Young Markets -  Presentation Skills Training
Presentation Training, Presentation Coaching, Presentation
Development, Demo Training, E-Training, Tel: 01276 502257


January 2010

Vol 5  Issue 1    


Well goodbye to the "noughties", and hello to the "teens" as this new decade will no doubt be referred to. I hope the New Year and indeed the New Decade brings with it everything you hope for in both your work and personal life.

To start off, on an encouraging thought, the UK is now officially out of the recession. The government has announced today that the economy grew by 0.1%. It is not much but it is a start and well done to everyone who has continued to work hard and increase their sales and productivity over the last few months. See below for my take on the recession and it's impact on training budgets.

Train to Gain are still encouraging SME's in their leadership and management training and a number of my clients have benefited. You can too and with the help of their grants, have an in-house course for up to 6 people for the same cost as one person attending the public course. Ask me for more info by email.

My blog been growing since my last newsletter, including:

The One Minute Presentation

Dire State of Presentation Skills

How to answer questions in a presentation

Walking about

Hands Up

Don't tell it, sell it

and the very popular

I hear I forget, I see I remember, I do I understand 

My daily Twitter tips, or twips are still going too, follow me, @youngmarkets on Twitter.

Yours sincerely,

Graham Young
+44 1276 502257

Upcoming Courses

As always a quick plug for my next courses:          

As always courses are limited to 6 people, so you may need to be quick to ensure your place.  

For more information or to book, click on your preferred location above.    

Who needs Presentation Skills training anyway? 

Why spend good money and valuable time attending a Presentation Skills course? More to the point, why should you send your staff on a presentation skills course?

These are questions that I am asked every day.

The quick answer is:

      "To learn how to talk"

but I understand if you think that answer is rather flippant.

After all everyone can talk already, and as for what to talk about, how can a trainer who has little or no experience of your company or your job know what to say better than you do?

Anyway, training courses are an expensive luxury, which we can't afford in the current economic climate. Anyone who needs to learn how to give a business presentation can just watch how other people in the company do it.

We don't need presentation training. 

Does that sum up your attitude to Presentation Skills Training?

Let's look at this from another perspective. How many presentations have you sat through?

Probably, hundreds if not thousands.

How many of those presentations do you actually remember? 
And what percentage of those that you remember are you remembering for all the wrong reasons. The ones that went wrong. The really boring ones. The ones where the presenter made a fool of him or her self.
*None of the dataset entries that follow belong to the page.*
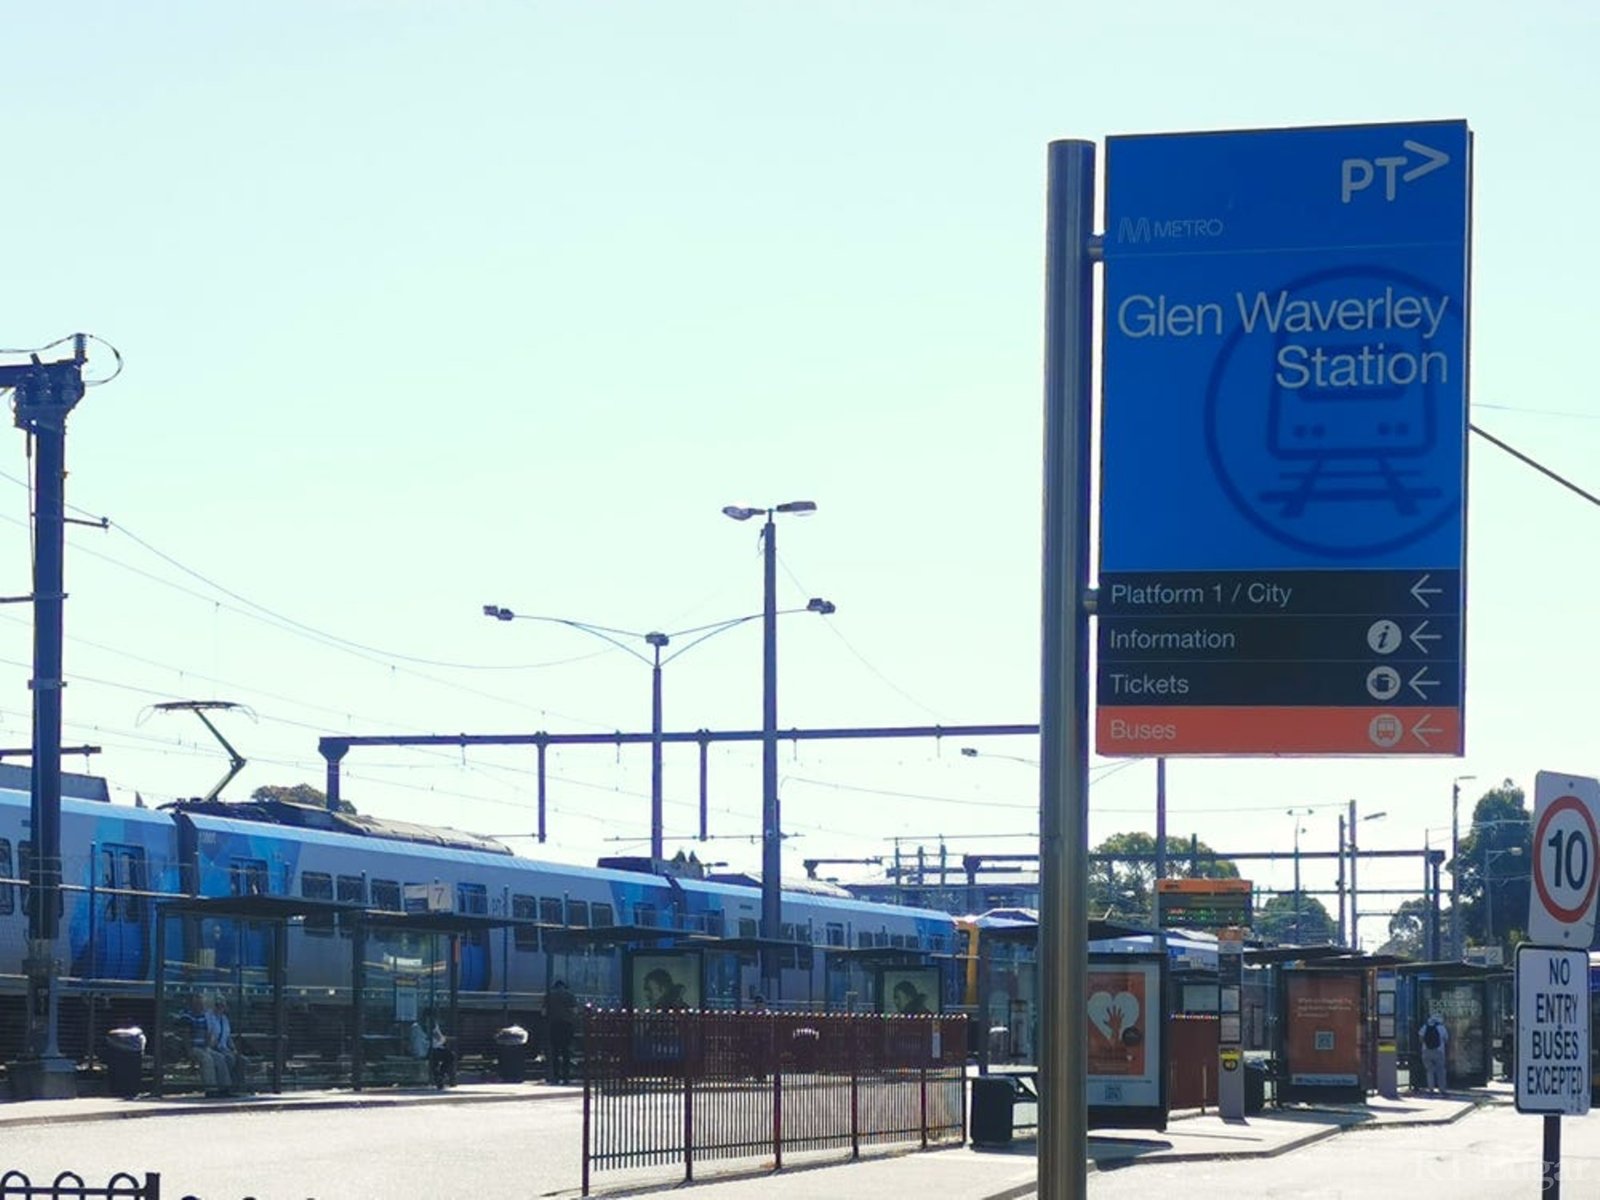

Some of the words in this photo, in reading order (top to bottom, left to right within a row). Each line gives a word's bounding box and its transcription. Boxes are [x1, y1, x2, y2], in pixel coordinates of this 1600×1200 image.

[1153, 218, 1223, 238] METRO
[1118, 294, 1222, 338] Glen
[1236, 287, 1449, 338] Waverley
[1276, 343, 1448, 388] Station
[1110, 584, 1204, 605] Platform
[1212, 584, 1223, 603] 1
[1248, 583, 1292, 609] City
[1110, 628, 1236, 649] Information
[1109, 673, 1190, 695] Tickets
[1110, 720, 1177, 740] Buses
[1548, 829, 1588, 891] 10
[434, 887, 445, 906] 7
[1549, 957, 1571, 986] NO
[1536, 993, 1578, 1024] ENTRY
[1532, 1031, 1579, 1060] BUSES
[1527, 1066, 1583, 1096] EXCEPTED
How many really good presentations do you remember?

Less than a handful?

That is not a very good percentage success rate, is it?
What it says to me is that most presentations are boring, instantly forgettable, and a complete waste of time!

It need not be that way.

Attendees at my Effective Business Presentation course have discovered, how to create and deliver memorable, motivational, must see presentations.
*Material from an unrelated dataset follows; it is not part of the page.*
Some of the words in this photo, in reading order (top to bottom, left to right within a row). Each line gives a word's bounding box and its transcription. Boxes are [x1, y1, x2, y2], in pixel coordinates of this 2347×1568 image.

I explain what goes wrong and why, and you discover how to conquer your nerves and wow your audience with an effective business presentation, in your very own style.

For people who are new to presenting, you will discover the right way to give a presentation, for the more experienced presenter you will learn what is good and bad about your current style and how to enhance and tune your presentation skills.

For both the novice and the more experienced the end result is the same, the ability to confidently deliver, a compelling presentation.

Training Budgets and the Recession 

Remember, with a Train to Gain grant you can run a course for 6 people for the price of one place on the public courses.


The A to Z of Effective Presentations

Still on the letter "A" this issue looks at Assumptions and Audience.. 

A is for Assumptions 

Assumptions are always dangerous, in life, in business and in presentations.  It is far better to find out the truth before hand than base your presentation on assumptions.

In technical presentations, in particular, do not assume that everyone in your audience will understand the technical terms, jargons and TLAs (Three Letter Abbreviation) that you may be tempted to use. It is often surprising how one term which you take for granted within the office, is not clearly understood by others.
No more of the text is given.